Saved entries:
------------------------

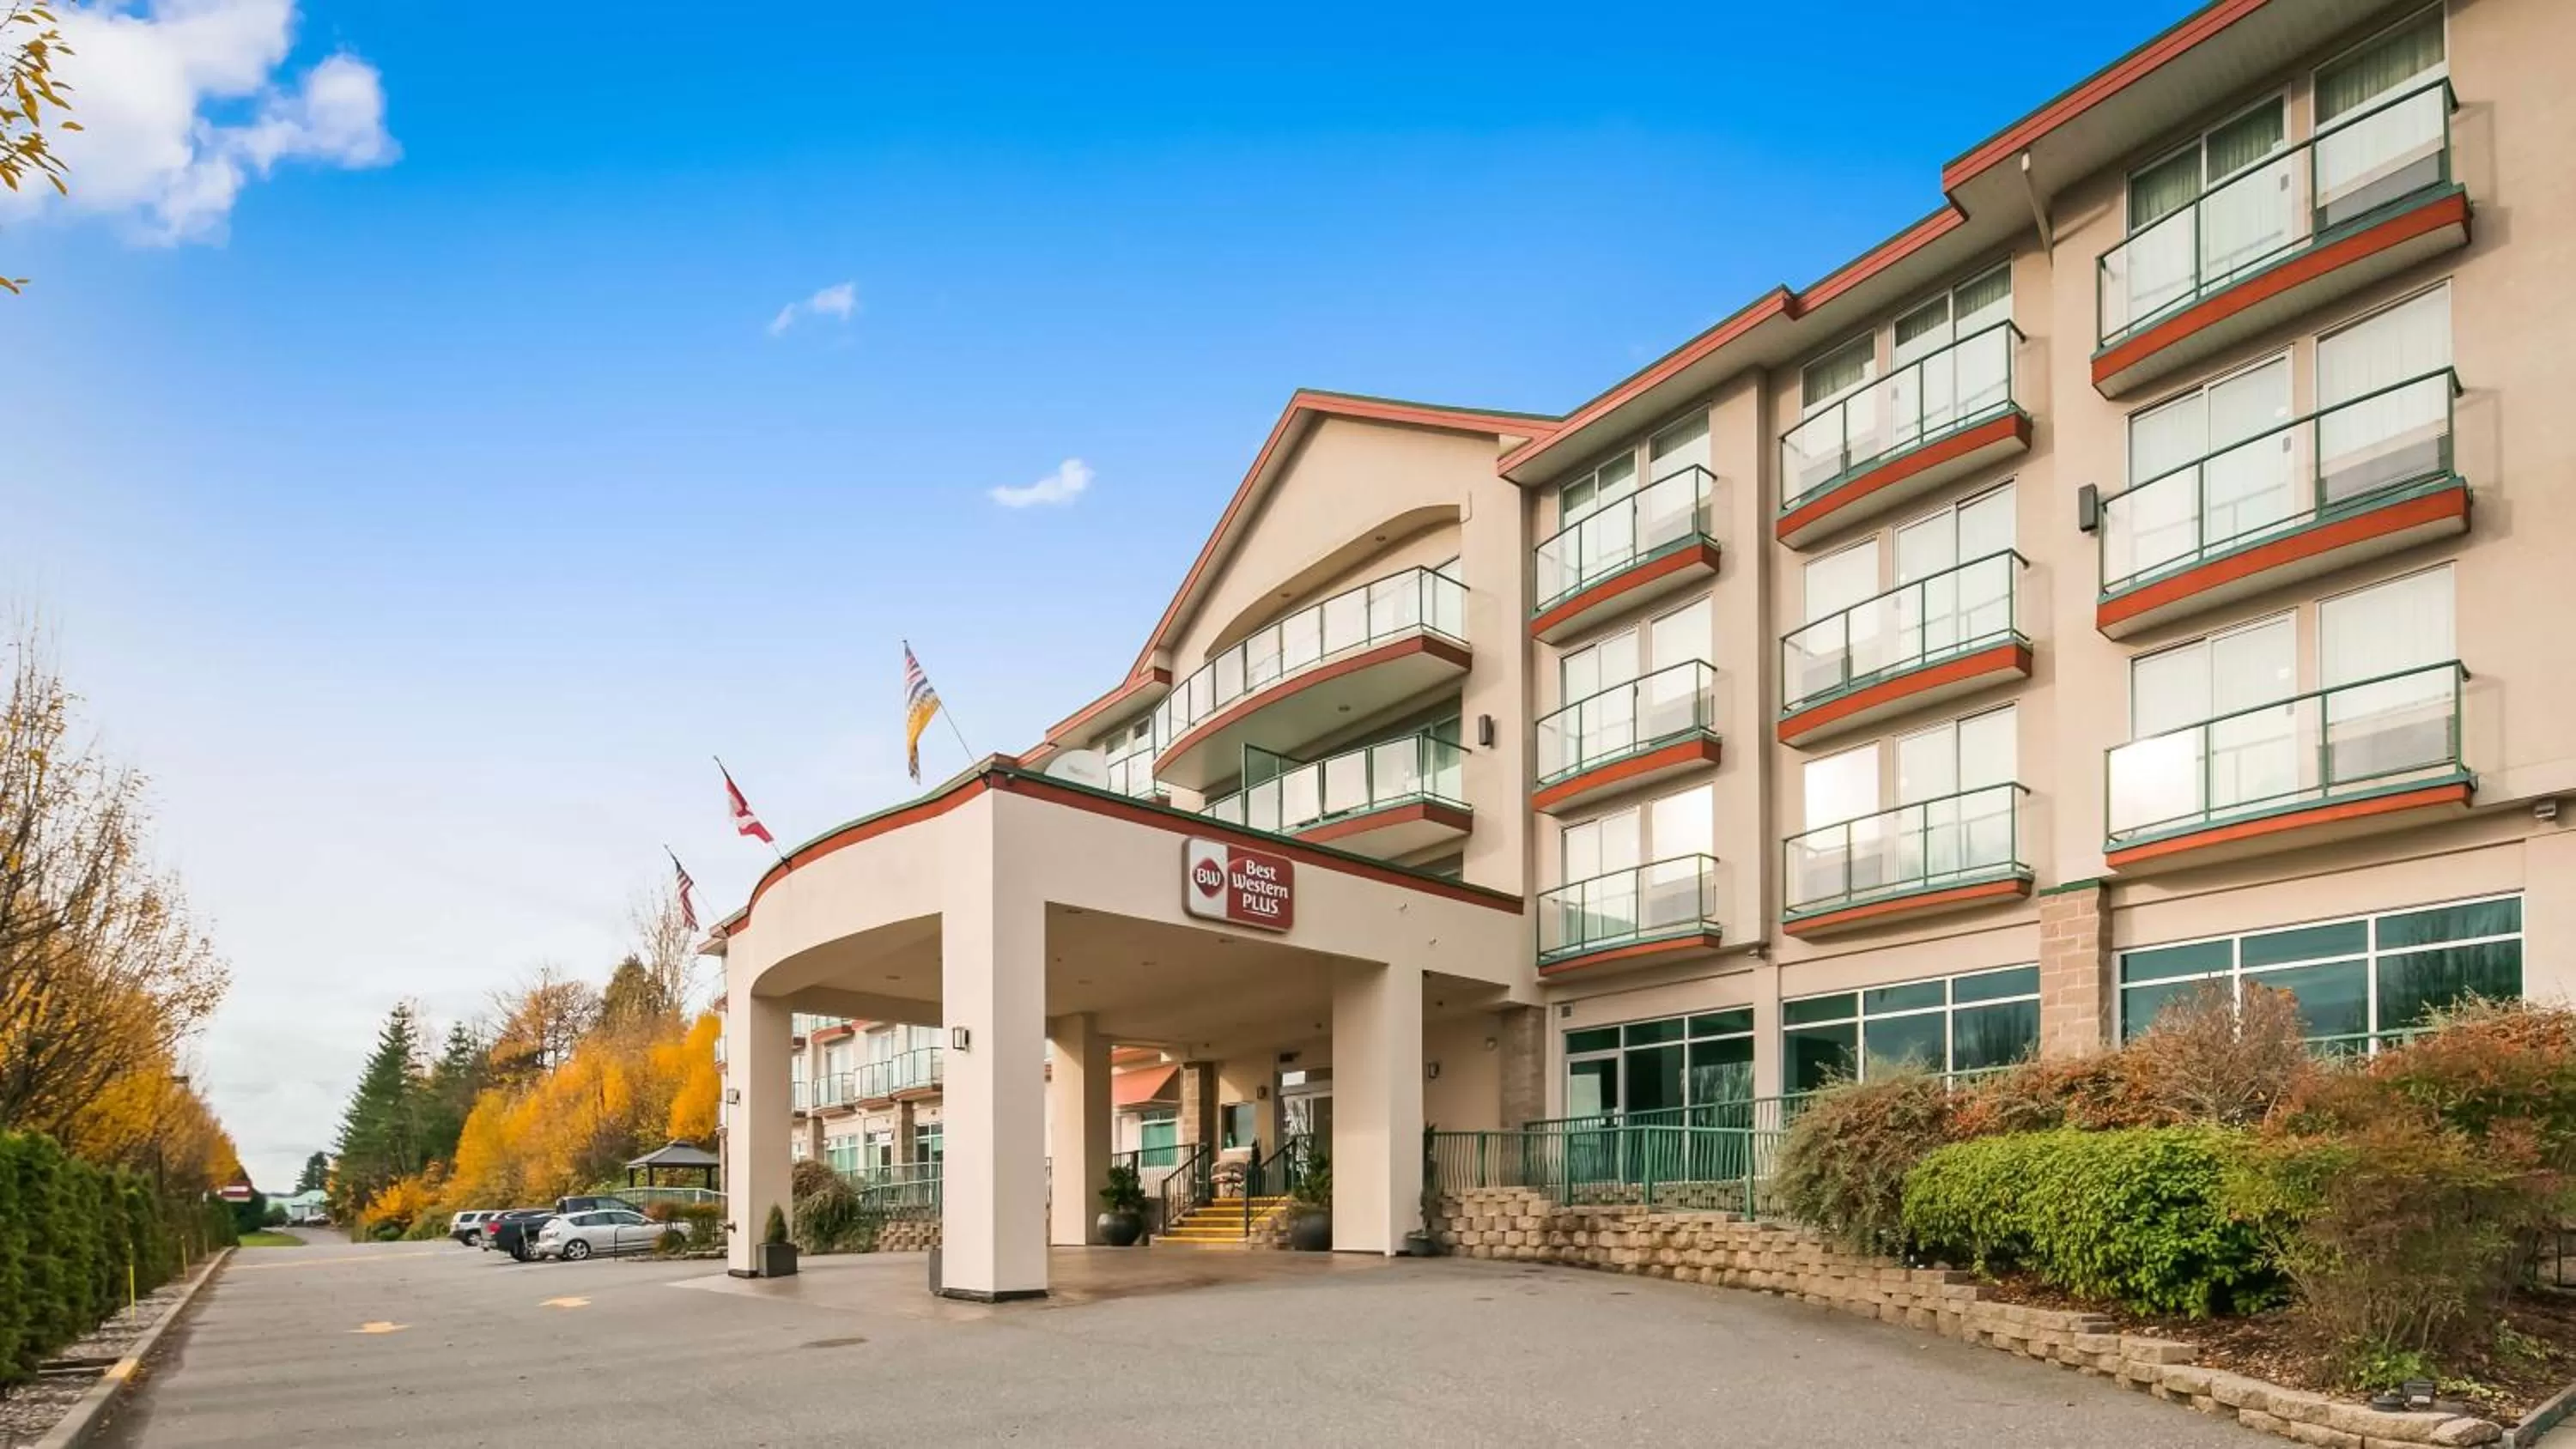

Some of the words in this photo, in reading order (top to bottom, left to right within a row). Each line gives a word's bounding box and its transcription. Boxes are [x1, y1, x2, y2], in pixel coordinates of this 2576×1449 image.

[1196, 868, 1220, 887] BW
[1246, 859, 1276, 881] Best
[1232, 872, 1288, 899] Western
[1242, 893, 1279, 914] PLUS

------------------------

WHAT IS NEEDED: Only the text is to be copied: please reproduce the records exactly and drop the pictures.

COMPLETED EXERCISE:
Some of the words in this photo, in reading order (top to bottom, left to right within a row). Each line gives a word's bounding box and its transcription. Boxes are [x1, y1, x2, y2], in pixel coordinates of this 2576×1449 image.

[1196, 868, 1220, 887] BW
[1246, 859, 1276, 881] Best
[1232, 872, 1288, 899] Western
[1242, 893, 1279, 914] PLUS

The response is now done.